Maybe that was where happiness resided? In the city?

“So? What do you see?” Vera shifted at my side impatiently, making the flame of her candle flicker.

The light bounced back with a gazillion reflections, forcing the shadows to shift and lurch down the endless, dark corridor inside the mirror. At the end of it, all I could see was darkness.

Was that what my future held? A dark nothingness?

It was a grim realization for a thirteen-year-old. But we all matured early here, and maturity meant looking at things realistically. Nothing bright or shiny waited for me in our village, only a dead-end life.

As if sensing my somber thoughts, Tanya heaved a sigh. Her candle flickered, nearly going out. The mirror tunnel darkened, momentarily turning into a black abyss. The shadows solidified in the middle, looking impenetrable.
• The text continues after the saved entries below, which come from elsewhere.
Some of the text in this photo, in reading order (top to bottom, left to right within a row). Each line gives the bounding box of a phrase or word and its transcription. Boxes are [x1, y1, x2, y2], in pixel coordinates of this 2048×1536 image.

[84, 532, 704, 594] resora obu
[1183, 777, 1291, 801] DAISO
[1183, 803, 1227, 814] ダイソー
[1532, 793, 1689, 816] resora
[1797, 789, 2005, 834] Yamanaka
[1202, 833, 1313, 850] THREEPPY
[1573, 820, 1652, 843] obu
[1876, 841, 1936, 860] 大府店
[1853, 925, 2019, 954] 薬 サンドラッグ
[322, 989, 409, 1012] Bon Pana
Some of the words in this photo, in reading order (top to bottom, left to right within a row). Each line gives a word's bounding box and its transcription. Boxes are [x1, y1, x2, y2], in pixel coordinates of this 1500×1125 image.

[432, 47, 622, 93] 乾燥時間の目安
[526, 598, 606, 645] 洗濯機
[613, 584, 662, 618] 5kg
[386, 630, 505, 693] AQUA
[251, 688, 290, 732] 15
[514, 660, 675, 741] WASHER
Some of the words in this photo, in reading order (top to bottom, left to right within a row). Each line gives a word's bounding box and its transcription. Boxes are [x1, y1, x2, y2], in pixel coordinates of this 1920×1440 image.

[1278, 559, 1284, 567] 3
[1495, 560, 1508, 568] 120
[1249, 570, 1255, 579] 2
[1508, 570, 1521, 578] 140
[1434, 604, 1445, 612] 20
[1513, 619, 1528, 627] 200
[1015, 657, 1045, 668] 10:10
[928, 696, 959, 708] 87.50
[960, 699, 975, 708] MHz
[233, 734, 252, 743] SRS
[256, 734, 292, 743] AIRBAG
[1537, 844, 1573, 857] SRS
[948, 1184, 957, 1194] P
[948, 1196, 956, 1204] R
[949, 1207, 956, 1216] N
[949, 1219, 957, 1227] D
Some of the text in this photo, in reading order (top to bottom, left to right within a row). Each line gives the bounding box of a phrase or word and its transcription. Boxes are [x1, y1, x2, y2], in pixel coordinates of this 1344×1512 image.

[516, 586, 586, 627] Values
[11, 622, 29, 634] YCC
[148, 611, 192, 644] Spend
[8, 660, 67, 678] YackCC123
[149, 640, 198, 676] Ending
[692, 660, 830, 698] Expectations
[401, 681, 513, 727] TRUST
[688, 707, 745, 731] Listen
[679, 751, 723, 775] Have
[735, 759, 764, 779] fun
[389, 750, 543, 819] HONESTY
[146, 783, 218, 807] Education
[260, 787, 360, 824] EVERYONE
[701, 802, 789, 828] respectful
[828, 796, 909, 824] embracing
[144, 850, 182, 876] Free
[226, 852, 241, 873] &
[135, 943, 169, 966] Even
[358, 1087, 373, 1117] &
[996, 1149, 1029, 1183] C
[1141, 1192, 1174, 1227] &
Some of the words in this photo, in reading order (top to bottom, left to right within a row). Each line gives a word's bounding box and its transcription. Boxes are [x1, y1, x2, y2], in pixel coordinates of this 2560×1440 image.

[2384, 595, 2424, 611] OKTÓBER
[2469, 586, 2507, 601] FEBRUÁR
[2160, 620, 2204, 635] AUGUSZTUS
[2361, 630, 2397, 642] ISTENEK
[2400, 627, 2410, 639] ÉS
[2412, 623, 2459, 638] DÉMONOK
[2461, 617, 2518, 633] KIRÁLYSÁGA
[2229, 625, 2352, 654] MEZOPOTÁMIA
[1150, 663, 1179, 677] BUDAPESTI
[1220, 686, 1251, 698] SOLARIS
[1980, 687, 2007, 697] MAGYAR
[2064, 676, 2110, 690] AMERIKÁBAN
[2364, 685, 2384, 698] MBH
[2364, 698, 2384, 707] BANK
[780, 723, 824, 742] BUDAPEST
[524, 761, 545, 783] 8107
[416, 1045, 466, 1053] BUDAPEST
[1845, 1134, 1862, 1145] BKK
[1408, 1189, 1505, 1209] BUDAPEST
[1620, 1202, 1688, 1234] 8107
The flame of Tanya’s candle burst back to life, mirroring the one on Vera’s side. The two lights stretched down the corridor until the reflections turned from gold to silver.

Then, I saw a face.

A pale, beautiful woman stared back at me from the mirror. Her silver-gray eyes studied my face, moving from my eyes to my nose to my mouth, then back again. She was dressed in a dark long robe over a white shirt. And she saw me.

“Ahh...” My mouth fell open.

I shrank back from the couch. The mirror slipped from my shoulder and crashed to the floor. The old glass cracked, breaking into four jagged pieces.

“Fuck, Ira!” Vera leaped back, narrowly avoiding a cut to her bare knee. “What did you do that for?”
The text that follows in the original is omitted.